_Your assignment:_
Output the records below verbatim, minus the pictures.

_Data to process:_
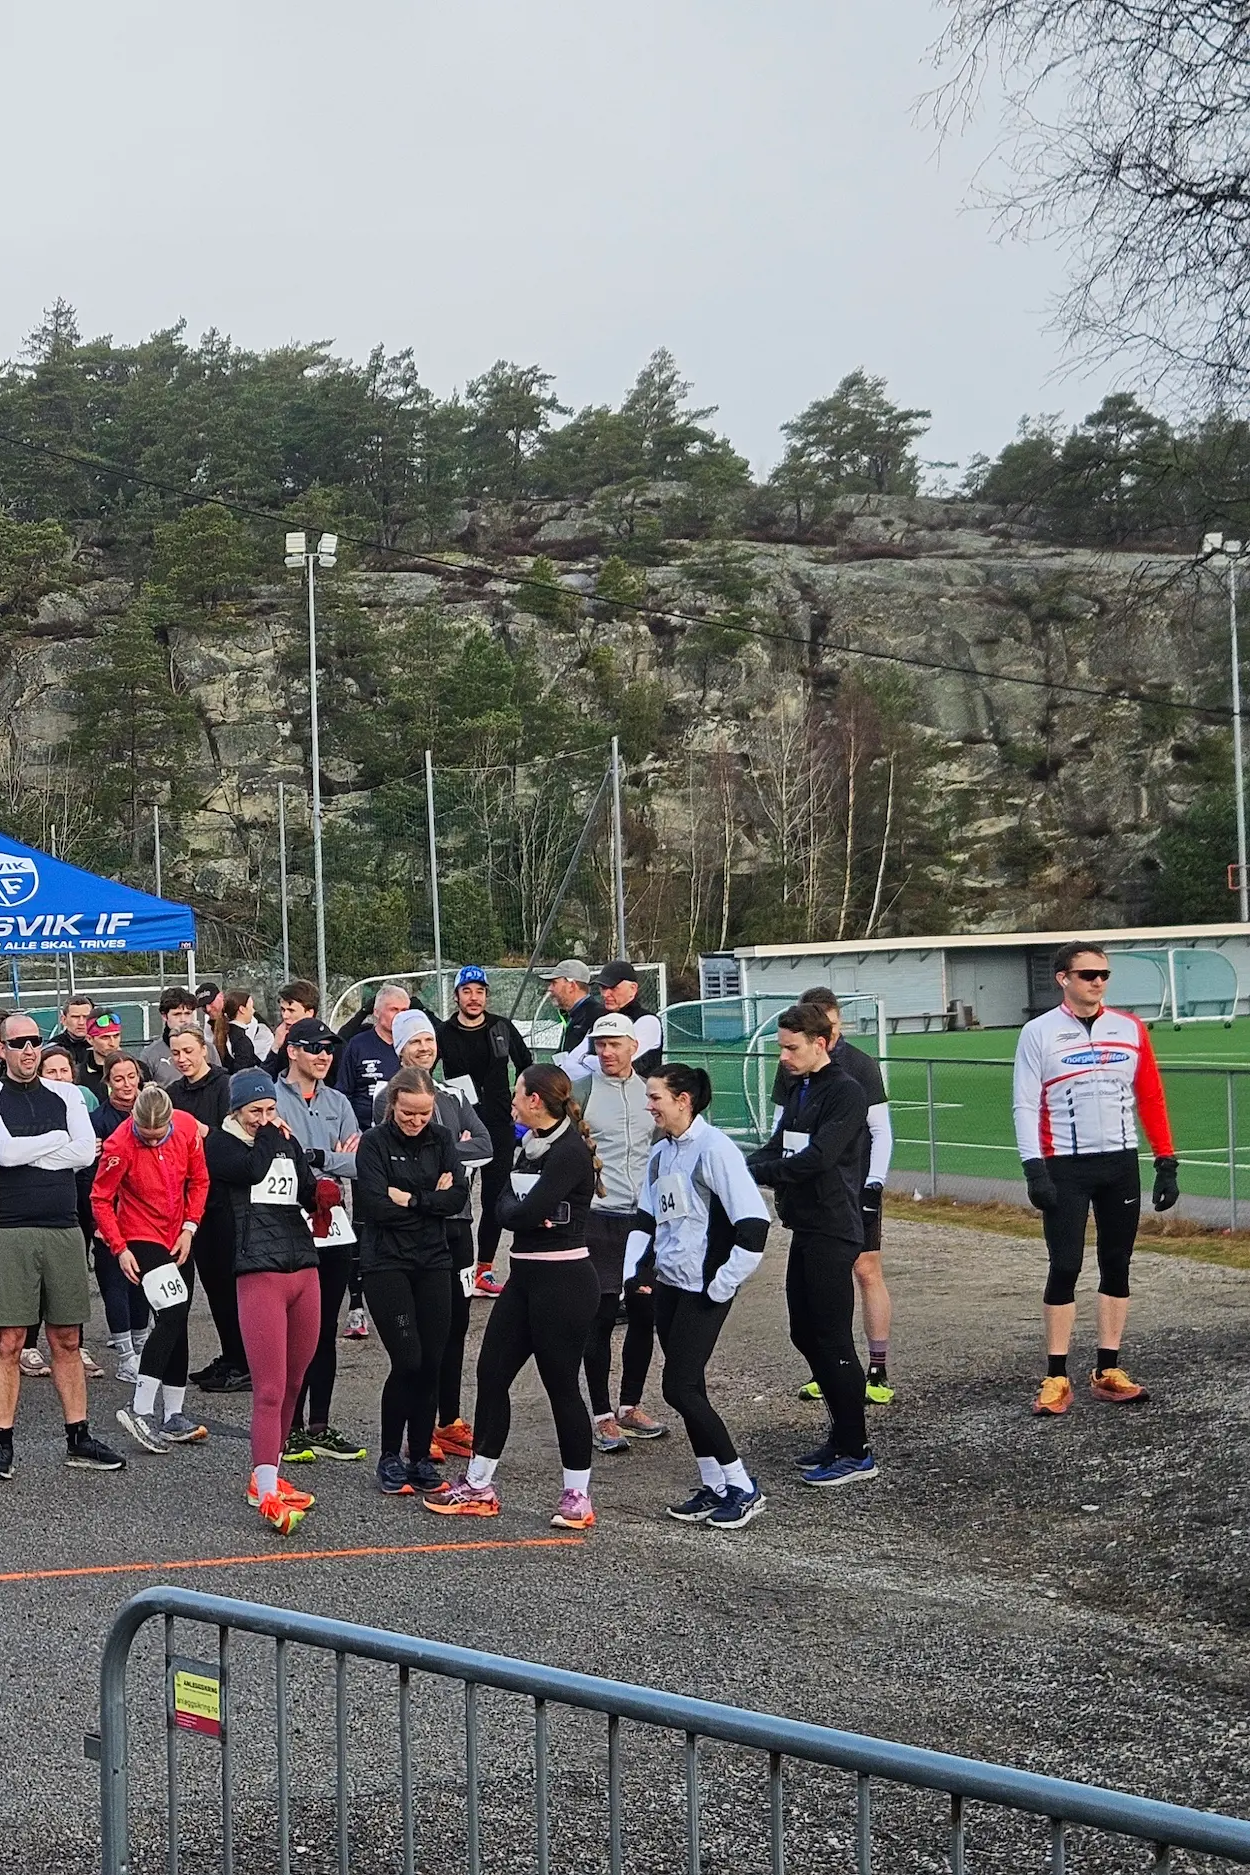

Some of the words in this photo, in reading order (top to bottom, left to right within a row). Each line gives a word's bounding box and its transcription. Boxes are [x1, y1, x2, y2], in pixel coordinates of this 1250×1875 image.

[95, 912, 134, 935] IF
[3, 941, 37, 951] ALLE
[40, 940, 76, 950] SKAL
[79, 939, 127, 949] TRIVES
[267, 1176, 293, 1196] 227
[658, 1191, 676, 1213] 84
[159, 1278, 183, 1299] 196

_Written solution:_
Some of the words in this photo, in reading order (top to bottom, left to right within a row). Each line gives a word's bounding box and its transcription. Boxes are [x1, y1, x2, y2], in pixel coordinates of this 1250×1875 image.

[95, 912, 134, 935] IF
[3, 941, 37, 951] ALLE
[40, 940, 76, 950] SKAL
[79, 939, 127, 949] TRIVES
[267, 1176, 293, 1196] 227
[658, 1191, 676, 1213] 84
[159, 1278, 183, 1299] 196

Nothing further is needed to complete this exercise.